As part of our Outreach Program to government agencies, we are working with the National Institute of Standards and Technology (NIST) to provide the cybersecurity ecosystem with excellent support data.
One of NIST’s main missions is metrology and measurement. Another key piece of the puzzle they offer is reference data. This data can range from the definitive standard of peanut butter to the universal constants of physics. Of interest to this readership is cybersecurity reference data. NIST uses the Computer Security Resource Center as its main point of entry for cybersecurity reference data. The documents within this warehouse of guidance represent a tremendous wealth of information on how to protect organizational assets and conduct cybersecurity risk management programs.
While these documents are excellent sources of information on their own, it can be difficult to understand how they might relate to guidance that is mandated, regulated, or simply useful from outside organizations. Many organizations are using guidance that is non-NIST and may be wondering how to align that guidance with NIST guidance. Enter: The Online Informative Reference (OLIR) program.

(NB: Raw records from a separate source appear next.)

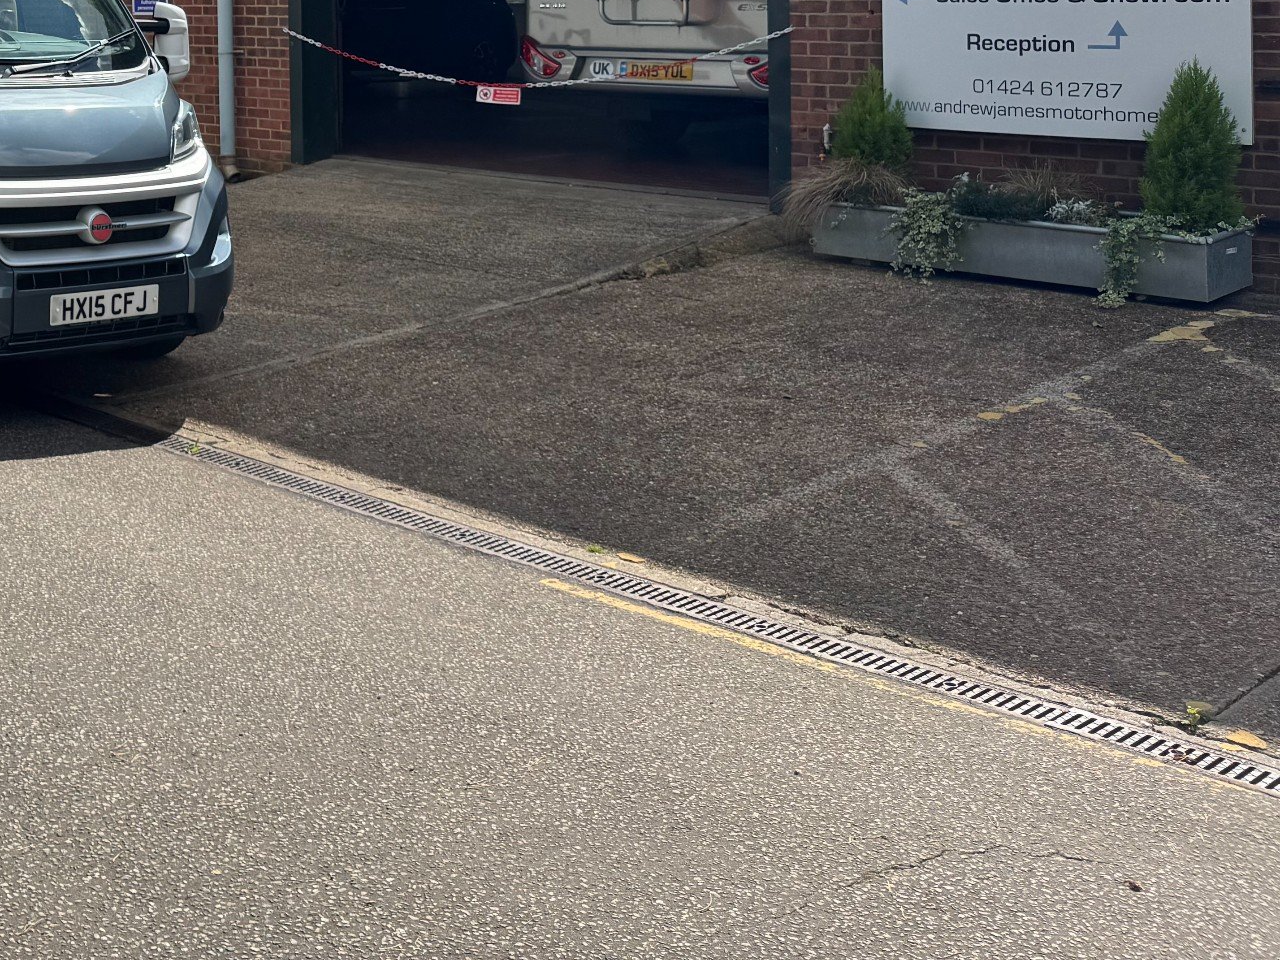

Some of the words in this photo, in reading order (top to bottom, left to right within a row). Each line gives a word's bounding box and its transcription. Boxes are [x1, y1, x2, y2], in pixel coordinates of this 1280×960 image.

[967, 33, 1075, 56] Reception
[593, 62, 610, 75] UK
[973, 79, 1035, 96] 01424
[1041, 81, 1123, 99] 612787
[897, 100, 1158, 123] www.andrewjamesmotorhome
[62, 295, 105, 321] HX15
[111, 290, 147, 315] CFJ

The OLIR program provides the connective tissue between the documents within NIST as well as those documents looking to align with NIST. The two documents which define the OLIR program, NIST Interagency Reports (NISTIR)s 8278 and 8278a, are relatively long and full of great information for those seeking to understand the intricacies of how inter-document relationships work (maybe there will be another wave on that topic alone one day). The important thing for this post is that 8278a defines a format for 3rd party organizations to create relationships between documents (called an OLIR).
STLLC has submitted an OLIR to the NIST program and it has been accepted. The OLIR is in a 30 day comment period for other folks to check it out and kick the tires before it is finalized in the official OLIR catalog. We are excited to contribute to the cybersecurity reference data ecosystem! After getting our feet wet with this submission, we have many more submissions in the pipeline ready to go. What two documents are you looking to have mapped together? Maybe we can collaborate!